How Do Engine Piston Rings Actually Work – What Causes Them To Fail

How Do Engine Piston Rings Actually Work - What Causes Them To Fail
How Do Engine Piston Rings Actually Work - What Causes Them To Fail

In everyday vehicles the engine piston rings have, the most important job, of sealing the combustion chamber.

So, one of the most prominent materials, used in making engine piston rings is cast iron.

This is because it contains graphite, which itself acts as a lubricant, between the rings and the cylinder.

Some engine piston rings even have alloys and coatings, to increase functionality for specific applications.

Most engine piston rings used today, include three different ring types, the compression ring, wiper ring, and oil ring.

How Do Engine Piston Rings Actually Work - What Causes Them To Fail
How Do Engine Piston Rings Actually Work – What Causes Them To Fail

The life span of engine piston rings entirely depends on:

  • The piston ring type
  • The size of the engine
  • And the operating conditions

How Do Engine Piston Ring Actually Work:

The Top Grove Holds, The Compression Ring

The main function is to, seal any kind of leakage inside the combustion chamber, during the combustion process. The pressurized gases travel through the gap; between the cylinder wall and the piston and into the piston ring groove.

Compression Ring
Compression Ring

During the combustion process, the force of high-pressure gases; presses the piston ring against the cylinder wall. This pressure pushing the piston ring, is proportional to the combustion gas pressure.

The Second Grove Holds, The Wiper Ring (sometimes called the scraper ring)

They have a tapered face construction, and are used to further seal the combustion chamber. As the name suggests, they assist in wiping the cylinder wall clean; of any excess oil and impurities. So, if gases were able to pass by the compression ring; these gases will be blocked by the wiper ring.

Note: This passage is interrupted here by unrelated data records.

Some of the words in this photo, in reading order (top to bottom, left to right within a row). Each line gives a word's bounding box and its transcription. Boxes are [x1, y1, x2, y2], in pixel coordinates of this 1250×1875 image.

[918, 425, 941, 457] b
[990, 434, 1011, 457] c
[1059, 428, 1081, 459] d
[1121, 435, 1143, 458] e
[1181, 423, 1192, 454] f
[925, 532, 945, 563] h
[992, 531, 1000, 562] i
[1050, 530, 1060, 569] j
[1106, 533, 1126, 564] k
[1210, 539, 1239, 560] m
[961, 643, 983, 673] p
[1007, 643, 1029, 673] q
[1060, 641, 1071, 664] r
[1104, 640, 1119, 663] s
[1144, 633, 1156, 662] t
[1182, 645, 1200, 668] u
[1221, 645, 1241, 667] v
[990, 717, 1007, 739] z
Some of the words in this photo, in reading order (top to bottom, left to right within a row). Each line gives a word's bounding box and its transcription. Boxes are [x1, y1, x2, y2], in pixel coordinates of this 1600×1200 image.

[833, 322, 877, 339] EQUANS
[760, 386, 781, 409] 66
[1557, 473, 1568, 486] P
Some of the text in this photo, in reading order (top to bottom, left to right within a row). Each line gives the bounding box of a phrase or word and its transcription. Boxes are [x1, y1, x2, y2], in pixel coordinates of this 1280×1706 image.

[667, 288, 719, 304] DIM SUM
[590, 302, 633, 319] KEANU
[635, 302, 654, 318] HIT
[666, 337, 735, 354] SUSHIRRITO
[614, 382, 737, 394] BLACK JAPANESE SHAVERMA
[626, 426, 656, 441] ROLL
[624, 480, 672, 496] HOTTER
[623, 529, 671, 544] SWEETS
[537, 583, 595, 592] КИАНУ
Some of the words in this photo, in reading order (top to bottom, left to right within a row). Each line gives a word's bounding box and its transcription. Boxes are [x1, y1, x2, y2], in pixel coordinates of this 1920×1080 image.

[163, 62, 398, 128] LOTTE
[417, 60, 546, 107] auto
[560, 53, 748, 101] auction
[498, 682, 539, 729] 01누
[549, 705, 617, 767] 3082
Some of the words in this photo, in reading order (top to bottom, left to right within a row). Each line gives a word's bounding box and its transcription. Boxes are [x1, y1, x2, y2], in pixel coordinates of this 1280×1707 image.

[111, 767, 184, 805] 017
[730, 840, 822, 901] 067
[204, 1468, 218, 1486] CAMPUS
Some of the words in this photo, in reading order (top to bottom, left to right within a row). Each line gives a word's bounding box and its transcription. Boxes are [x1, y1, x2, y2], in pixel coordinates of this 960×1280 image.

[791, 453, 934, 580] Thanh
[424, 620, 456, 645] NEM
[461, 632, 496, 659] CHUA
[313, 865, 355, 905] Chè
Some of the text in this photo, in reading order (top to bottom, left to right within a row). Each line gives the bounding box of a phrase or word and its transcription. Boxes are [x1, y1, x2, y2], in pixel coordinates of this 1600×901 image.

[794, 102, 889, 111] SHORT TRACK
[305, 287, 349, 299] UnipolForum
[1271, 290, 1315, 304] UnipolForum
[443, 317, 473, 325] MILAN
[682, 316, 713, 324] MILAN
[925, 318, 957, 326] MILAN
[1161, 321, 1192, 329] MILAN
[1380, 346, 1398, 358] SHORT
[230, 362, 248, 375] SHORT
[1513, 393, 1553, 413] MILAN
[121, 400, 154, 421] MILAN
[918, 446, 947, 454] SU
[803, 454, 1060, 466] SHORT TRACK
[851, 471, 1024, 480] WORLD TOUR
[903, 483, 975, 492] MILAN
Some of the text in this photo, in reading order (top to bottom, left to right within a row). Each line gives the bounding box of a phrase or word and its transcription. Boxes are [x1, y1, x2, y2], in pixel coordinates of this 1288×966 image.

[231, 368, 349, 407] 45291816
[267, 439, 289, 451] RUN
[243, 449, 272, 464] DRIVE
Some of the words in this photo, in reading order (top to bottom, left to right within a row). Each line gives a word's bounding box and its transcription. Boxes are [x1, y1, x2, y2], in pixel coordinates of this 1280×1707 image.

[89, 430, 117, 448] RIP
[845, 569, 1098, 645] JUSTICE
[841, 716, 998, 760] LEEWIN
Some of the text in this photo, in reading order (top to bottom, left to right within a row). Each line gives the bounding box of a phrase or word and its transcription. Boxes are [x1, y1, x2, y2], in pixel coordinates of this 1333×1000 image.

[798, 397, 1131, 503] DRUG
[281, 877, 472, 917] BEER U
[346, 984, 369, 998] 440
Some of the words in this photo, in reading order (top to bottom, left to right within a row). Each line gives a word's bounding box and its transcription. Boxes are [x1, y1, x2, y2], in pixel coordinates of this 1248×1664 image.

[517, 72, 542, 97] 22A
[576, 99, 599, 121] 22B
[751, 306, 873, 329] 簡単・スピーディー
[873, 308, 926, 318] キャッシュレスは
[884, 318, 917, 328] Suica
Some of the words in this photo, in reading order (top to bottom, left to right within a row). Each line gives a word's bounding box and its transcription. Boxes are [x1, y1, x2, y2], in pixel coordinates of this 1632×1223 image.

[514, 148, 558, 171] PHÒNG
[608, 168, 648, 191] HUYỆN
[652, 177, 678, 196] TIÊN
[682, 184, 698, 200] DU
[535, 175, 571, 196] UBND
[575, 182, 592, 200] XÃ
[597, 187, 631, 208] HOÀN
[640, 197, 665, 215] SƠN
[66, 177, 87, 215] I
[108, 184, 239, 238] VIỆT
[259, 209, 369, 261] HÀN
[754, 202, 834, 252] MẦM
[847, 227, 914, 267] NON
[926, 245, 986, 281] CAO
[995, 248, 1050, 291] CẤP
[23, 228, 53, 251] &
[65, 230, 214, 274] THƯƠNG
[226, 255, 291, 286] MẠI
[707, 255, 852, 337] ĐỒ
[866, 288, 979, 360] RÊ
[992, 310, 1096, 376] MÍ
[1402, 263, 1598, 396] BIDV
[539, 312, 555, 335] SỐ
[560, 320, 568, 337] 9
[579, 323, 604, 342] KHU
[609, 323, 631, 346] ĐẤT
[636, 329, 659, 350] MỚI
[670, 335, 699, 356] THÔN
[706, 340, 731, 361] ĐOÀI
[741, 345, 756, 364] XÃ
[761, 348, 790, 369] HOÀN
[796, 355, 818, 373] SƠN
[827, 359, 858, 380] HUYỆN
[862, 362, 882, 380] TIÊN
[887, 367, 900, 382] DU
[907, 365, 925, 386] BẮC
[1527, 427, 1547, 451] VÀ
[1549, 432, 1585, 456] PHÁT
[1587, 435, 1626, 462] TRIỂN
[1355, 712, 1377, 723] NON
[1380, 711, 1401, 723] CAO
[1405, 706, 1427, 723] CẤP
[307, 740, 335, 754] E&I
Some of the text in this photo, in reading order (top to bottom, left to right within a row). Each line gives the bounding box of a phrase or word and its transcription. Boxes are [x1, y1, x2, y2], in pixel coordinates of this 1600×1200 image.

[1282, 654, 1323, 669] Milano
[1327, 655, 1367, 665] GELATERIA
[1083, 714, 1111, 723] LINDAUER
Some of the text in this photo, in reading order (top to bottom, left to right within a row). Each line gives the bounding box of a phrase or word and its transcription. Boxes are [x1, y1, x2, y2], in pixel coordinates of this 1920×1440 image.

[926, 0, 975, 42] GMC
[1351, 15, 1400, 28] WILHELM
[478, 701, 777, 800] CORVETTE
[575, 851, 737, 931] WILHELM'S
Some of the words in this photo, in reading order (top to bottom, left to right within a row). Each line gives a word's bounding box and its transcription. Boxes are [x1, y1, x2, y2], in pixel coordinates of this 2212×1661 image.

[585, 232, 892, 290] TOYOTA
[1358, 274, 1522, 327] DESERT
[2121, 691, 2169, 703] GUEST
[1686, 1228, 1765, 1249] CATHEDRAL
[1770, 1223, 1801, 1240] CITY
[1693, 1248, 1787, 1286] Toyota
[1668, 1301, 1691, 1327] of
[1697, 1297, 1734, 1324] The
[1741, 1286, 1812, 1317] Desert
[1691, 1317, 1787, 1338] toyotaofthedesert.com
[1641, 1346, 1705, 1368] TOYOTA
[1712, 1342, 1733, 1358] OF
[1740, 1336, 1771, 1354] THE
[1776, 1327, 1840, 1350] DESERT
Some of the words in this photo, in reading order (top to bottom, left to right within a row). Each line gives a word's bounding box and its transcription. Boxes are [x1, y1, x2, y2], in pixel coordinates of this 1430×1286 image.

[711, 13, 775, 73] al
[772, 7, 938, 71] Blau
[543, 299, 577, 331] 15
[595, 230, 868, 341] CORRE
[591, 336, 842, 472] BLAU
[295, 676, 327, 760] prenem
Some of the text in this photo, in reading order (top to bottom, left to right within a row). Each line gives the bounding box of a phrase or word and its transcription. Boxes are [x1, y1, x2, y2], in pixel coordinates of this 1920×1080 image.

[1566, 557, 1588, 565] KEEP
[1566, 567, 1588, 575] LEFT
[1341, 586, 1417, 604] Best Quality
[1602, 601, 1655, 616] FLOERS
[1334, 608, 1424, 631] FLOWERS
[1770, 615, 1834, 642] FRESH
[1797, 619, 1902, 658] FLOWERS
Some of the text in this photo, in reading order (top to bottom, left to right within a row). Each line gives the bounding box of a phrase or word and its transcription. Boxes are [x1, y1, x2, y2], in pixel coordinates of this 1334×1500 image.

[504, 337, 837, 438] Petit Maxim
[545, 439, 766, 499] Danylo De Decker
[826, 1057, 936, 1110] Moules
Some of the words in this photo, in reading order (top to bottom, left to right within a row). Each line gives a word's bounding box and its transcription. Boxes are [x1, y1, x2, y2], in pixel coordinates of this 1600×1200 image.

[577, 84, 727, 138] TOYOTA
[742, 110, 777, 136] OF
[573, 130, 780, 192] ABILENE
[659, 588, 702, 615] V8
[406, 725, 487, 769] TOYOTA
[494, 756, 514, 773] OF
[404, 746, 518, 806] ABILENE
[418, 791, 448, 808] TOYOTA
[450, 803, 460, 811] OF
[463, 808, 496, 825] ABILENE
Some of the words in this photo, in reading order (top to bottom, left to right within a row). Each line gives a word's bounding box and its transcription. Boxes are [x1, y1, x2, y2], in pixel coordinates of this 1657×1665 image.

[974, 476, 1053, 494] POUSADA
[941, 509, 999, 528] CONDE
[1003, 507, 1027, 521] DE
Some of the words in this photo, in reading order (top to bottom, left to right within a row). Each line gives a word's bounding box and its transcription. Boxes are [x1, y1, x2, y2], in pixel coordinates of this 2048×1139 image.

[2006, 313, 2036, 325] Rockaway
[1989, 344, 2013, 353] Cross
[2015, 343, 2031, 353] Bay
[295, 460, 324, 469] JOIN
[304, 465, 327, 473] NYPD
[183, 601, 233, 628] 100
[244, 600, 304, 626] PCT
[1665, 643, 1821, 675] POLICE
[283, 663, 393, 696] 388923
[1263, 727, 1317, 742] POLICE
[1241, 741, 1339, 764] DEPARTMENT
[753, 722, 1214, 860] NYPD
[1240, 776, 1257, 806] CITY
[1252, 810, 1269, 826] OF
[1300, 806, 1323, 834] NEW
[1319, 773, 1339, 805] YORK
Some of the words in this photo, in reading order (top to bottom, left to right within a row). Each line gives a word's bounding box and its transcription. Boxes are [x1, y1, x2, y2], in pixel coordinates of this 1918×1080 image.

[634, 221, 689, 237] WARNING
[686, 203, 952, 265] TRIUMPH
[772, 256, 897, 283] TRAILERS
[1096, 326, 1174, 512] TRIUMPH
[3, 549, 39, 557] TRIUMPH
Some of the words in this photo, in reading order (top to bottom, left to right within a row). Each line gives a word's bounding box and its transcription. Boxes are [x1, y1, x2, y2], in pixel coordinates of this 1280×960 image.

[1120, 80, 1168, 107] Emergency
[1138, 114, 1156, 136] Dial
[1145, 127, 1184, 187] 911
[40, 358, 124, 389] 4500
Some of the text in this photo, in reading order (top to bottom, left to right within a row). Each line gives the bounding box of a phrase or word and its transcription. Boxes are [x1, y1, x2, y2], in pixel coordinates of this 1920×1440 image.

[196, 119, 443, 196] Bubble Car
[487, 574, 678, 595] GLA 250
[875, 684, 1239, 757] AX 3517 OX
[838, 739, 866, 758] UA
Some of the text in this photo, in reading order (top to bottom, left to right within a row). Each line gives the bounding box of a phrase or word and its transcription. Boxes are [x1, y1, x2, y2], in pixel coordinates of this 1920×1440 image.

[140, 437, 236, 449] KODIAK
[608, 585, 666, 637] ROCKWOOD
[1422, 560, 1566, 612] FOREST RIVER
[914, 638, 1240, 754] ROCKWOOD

The Third Grove Holds, The Oil Rings

The main function of the oil ring is, to scrape any excess oil, from the walls of the cylinder. As a result, the majority of the wiped oil, is directed into the crankcase, back to the oil sump.

Oil Rings
Oil Rings

These oil rings come, spring fitted at the back, to provide an additional push for wiping the cylinder.

Rings Have Four Basic Jobs To Do:

Sealing Engine Compression

Piston rings maintain the compression, between the piston and the cylinder wall. Piston rings seal the cylinder; so that combustion gas, does not leak between the piston and the cylinder. If combustion gas leaks, the engine cannot output sufficient power, increasing fuel consumption.

Lubricating Oil Film Control

Piston rings usually make, a necessary lubricating oil film to preventing scuffing. But, enough so they move smoothly, with little friction between metal and metal. Finally, piston rings automatically adjust the amount of oil needed, for proper operation.

Proper Heat Transfer

Consequently, piston rings transfer heat from the piston crown to the cylinder.

Proper Heat Transfer
Proper Heat Transfer

So, if heat accumulates inside the piston, the engine may be damaged. For that reason, it is necessary to release the heat build-up.

Piston Support

Piston rings prevent the piston from, knocking on the cylinder wall. If the piston contacts the cylinder walls, piston scuffing is a possibility. Piston rings support the piston during travel, to allow for smooth up and down motion.

Ring Failure

The combustion chamber exerts, tremendous pressure on the piston rings. If the combustion pressure is higher than the usual, it may affect the ring performance.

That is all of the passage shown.